The Wharton Center staff added “Fun Home” its Broadway slate before the Tony nominations were announced.

“When it became available, we took one look at it and said, ‘We have to have this. How can we not honor Lisa?’” said Diane Willcox, Wharton Center director of marketing and communications.

While Kron had written plays before, “Fun Home” was her first foray into musical theater. To write the music, she recruited Jeanine Tesori, an accomplished theater and film composer whose score for Broadway’s “Shrek The Musical” was nominated for a Tony.

“I had an intuitive sense that it was a good choice for [a musical],” Kron said. “Luckily, Jeanine Tesori agreed to work on it with me.”
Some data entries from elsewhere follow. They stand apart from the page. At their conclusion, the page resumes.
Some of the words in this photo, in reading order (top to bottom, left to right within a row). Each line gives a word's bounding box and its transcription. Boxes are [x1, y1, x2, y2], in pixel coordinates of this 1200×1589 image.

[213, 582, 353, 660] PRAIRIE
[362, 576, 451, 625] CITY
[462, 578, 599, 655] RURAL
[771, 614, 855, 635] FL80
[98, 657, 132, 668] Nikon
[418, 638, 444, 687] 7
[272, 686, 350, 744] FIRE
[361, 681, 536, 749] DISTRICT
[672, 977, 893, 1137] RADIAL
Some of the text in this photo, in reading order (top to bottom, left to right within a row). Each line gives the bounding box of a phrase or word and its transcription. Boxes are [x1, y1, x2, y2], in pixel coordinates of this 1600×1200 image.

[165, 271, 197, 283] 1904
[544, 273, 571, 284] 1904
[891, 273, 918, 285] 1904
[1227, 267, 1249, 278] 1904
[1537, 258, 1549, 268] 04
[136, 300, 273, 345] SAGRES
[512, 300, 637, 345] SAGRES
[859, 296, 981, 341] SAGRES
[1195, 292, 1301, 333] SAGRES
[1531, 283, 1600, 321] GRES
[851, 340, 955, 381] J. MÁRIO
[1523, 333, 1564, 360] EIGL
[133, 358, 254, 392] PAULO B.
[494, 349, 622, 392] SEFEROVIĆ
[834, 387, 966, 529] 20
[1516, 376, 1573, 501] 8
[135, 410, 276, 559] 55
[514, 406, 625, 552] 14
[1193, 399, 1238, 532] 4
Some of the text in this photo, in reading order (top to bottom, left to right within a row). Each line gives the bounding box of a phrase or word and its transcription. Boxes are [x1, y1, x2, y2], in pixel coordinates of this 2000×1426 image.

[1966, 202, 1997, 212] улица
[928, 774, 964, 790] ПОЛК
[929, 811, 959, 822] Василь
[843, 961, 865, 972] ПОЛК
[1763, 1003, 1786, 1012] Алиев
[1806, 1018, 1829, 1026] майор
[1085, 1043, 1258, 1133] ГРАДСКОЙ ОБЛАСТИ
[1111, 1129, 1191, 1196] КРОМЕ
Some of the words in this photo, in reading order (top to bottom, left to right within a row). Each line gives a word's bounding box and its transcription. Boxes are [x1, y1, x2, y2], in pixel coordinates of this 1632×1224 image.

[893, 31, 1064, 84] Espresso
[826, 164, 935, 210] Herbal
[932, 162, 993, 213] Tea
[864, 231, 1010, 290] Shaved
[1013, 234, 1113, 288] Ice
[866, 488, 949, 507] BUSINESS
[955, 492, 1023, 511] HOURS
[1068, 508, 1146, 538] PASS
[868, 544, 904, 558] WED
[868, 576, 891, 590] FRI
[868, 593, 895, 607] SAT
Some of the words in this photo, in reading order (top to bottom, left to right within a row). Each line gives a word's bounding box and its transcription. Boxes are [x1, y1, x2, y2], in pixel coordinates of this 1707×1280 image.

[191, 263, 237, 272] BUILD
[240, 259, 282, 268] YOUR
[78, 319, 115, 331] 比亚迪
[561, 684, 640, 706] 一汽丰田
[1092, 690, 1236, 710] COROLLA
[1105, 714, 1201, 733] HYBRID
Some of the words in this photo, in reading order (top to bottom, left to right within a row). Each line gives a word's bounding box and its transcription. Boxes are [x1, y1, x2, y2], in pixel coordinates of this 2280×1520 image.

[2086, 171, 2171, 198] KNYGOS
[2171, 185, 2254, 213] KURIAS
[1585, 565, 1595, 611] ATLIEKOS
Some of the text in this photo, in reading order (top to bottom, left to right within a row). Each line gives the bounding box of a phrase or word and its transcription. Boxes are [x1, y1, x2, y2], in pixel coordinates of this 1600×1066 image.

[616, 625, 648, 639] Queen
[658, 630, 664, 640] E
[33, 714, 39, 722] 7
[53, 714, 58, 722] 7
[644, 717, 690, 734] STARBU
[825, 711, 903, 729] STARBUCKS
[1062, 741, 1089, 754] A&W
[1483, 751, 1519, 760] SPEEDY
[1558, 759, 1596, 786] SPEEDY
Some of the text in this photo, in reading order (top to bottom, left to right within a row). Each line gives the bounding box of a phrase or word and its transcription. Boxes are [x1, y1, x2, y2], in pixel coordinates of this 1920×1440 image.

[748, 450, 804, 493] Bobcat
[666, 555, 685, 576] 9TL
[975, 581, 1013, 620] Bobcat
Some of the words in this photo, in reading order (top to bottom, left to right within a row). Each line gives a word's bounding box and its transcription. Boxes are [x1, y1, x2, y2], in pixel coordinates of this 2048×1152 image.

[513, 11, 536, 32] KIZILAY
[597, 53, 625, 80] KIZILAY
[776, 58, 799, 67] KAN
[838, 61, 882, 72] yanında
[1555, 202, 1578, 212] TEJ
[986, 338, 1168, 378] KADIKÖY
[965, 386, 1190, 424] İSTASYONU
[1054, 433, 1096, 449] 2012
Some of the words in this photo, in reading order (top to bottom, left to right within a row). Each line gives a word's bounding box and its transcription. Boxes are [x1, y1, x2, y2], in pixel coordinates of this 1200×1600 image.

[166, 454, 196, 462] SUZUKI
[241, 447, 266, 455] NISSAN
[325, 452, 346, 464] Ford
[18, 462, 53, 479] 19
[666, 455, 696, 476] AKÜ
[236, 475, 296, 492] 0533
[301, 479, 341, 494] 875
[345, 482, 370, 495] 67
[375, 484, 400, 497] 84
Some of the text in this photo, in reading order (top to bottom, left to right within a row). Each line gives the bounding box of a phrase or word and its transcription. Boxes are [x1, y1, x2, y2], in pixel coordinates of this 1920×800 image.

The duo worked on "Fun Home" for seven years, but even then they were not sure if the show would be well received.

“We were hopeful, but you really never know until it meets an audience,” she said. “When it started meeting audiences, that’s when we saw that it was doing what we hoped it would do.”

Kron grew up on Lansing’s west side and studied theater at Kalamazoo College. She moved to New York in 1984, where she lives with her wife, playwright Madeleine George. She is looking forward to bringing “Fun Home” to East Lansing.

“It’s so exciting,” she said. “A lot of people from here have come to New York to see the show, which has really meant a lot to me. I still feel very connected to this place.”

The duo of Kron and Tesori is the first all-female writing team to win the Tony for best original score. While Kron is thankful for the honor, she is also disappointed that it took this long.

“The arts world, in general, is thought of as being progressive, but across the board, it has not been progressive in issues of gender parity,” she said. “There’s really no good excuse for it. It’s institutionalized bias.”

But she does see things changing.

“I feel more hopeful than I ever have,” she said. “Consciousness has been raised around it. Certain theaters have gone from very low numbers of women writers being produced to complete parity within two seasons.”

“Fun Home” opened in 2013 at New York’s Public Theater, a traditional theater setup. It moved to Broadway in 2015, taking up residence at the Circle in the Square Theatre, which is an 800- seat, theater-in-the-round venue. The touring production is a scaled-up version, adapted for venues like Wharton Center’s 2,400-seat Cobb Great Hall. Kron is not worried about making the transition.

“When we were making it, we never thought it would be in the round,” Kron said. “Sam Gold, our director, is really extraordinary at creating intimacy between an audience and a production.”

The play focuses on Alison’s coming of age and her acceptance of her homosexuality. Alison’s father is a closeted gay man who dies — possibly by suicide — shortly after Alison comes out to him. This family dynamic, Kron said, is the musical’s emotional core.

“Every musical needs to be driven by a primal human desire,” she said. “In the first lines of ‘Fun Home,’ this girl sings ‘Hey daddy, come here. I need you.’ That desire, to be connected to her parents, that is what drives the show.”